*** Block opens ***
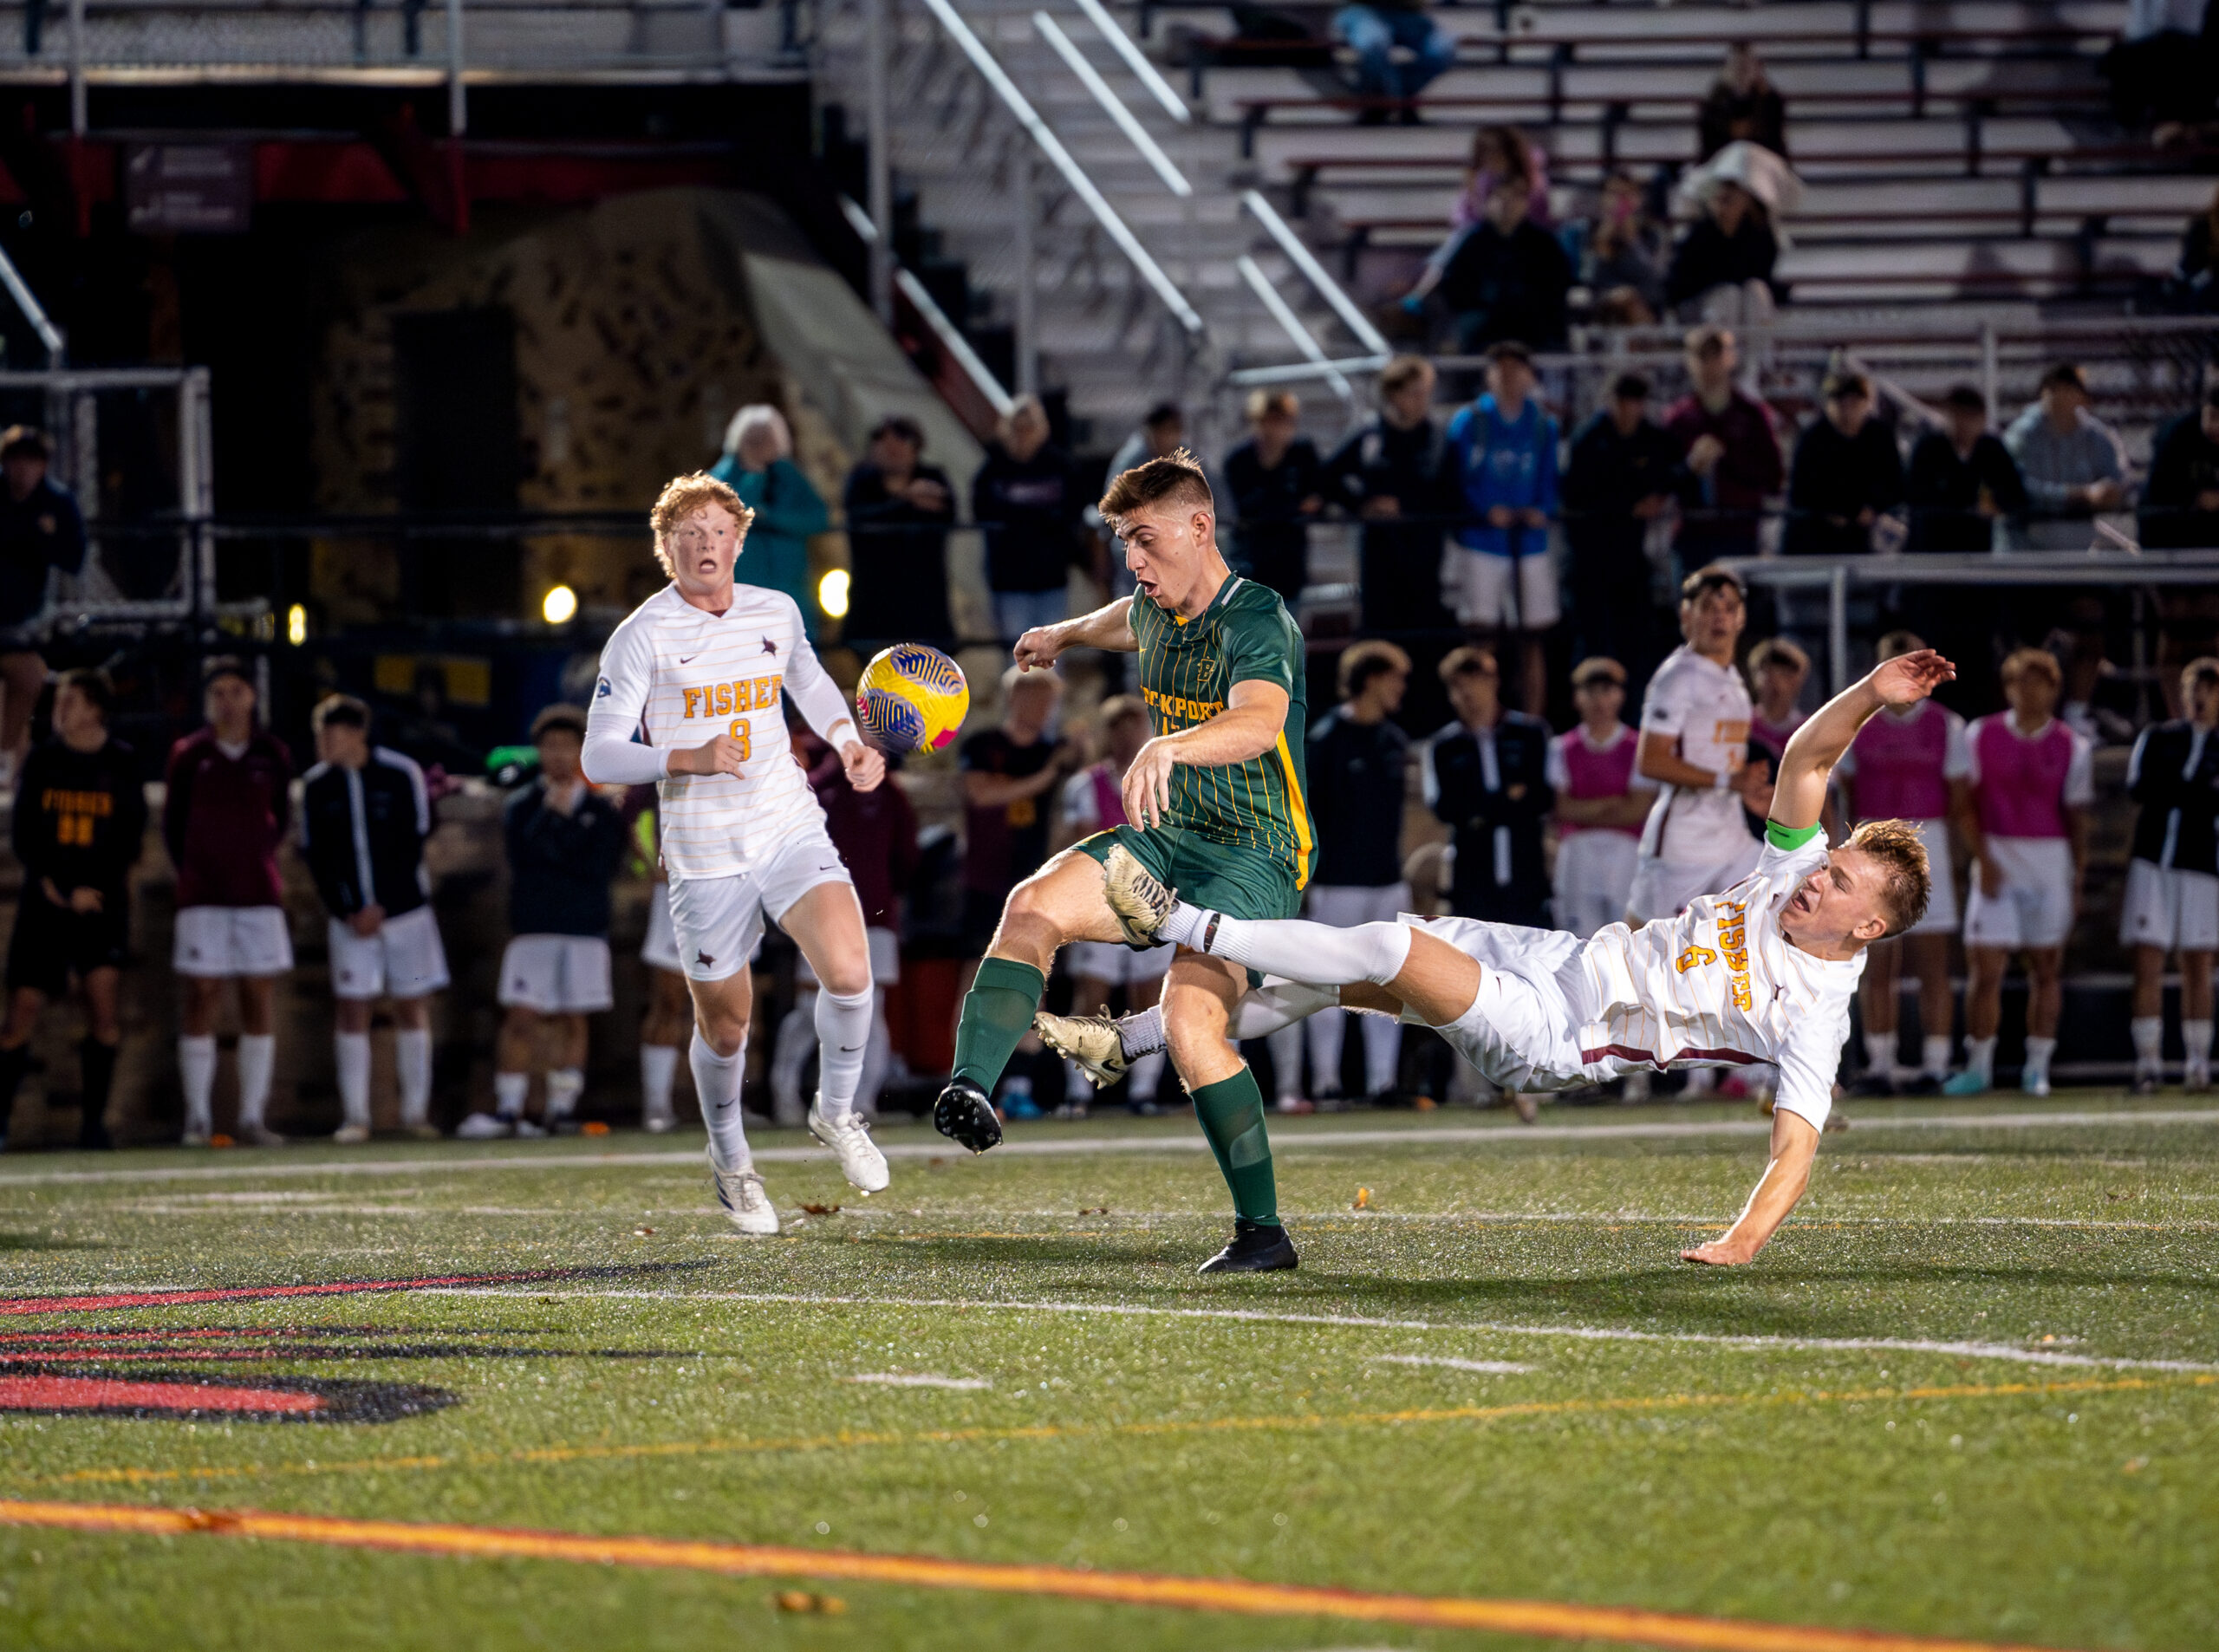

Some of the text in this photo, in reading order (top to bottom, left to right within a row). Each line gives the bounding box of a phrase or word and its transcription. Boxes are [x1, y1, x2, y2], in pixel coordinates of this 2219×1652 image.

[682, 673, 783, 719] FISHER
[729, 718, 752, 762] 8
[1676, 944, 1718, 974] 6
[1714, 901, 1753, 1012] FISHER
*** Block closes ***
Would you return the records exactly, keeping out every picture?

Answer for the task
Some of the text in this photo, in reading order (top to bottom, left to right within a row). Each line gives the bounding box of a phrase or word and its transcription. Boxes are [x1, y1, x2, y2], in pixel coordinates of this 2219×1652 image.

[682, 673, 783, 719] FISHER
[729, 718, 752, 762] 8
[1676, 944, 1718, 974] 6
[1714, 901, 1753, 1012] FISHER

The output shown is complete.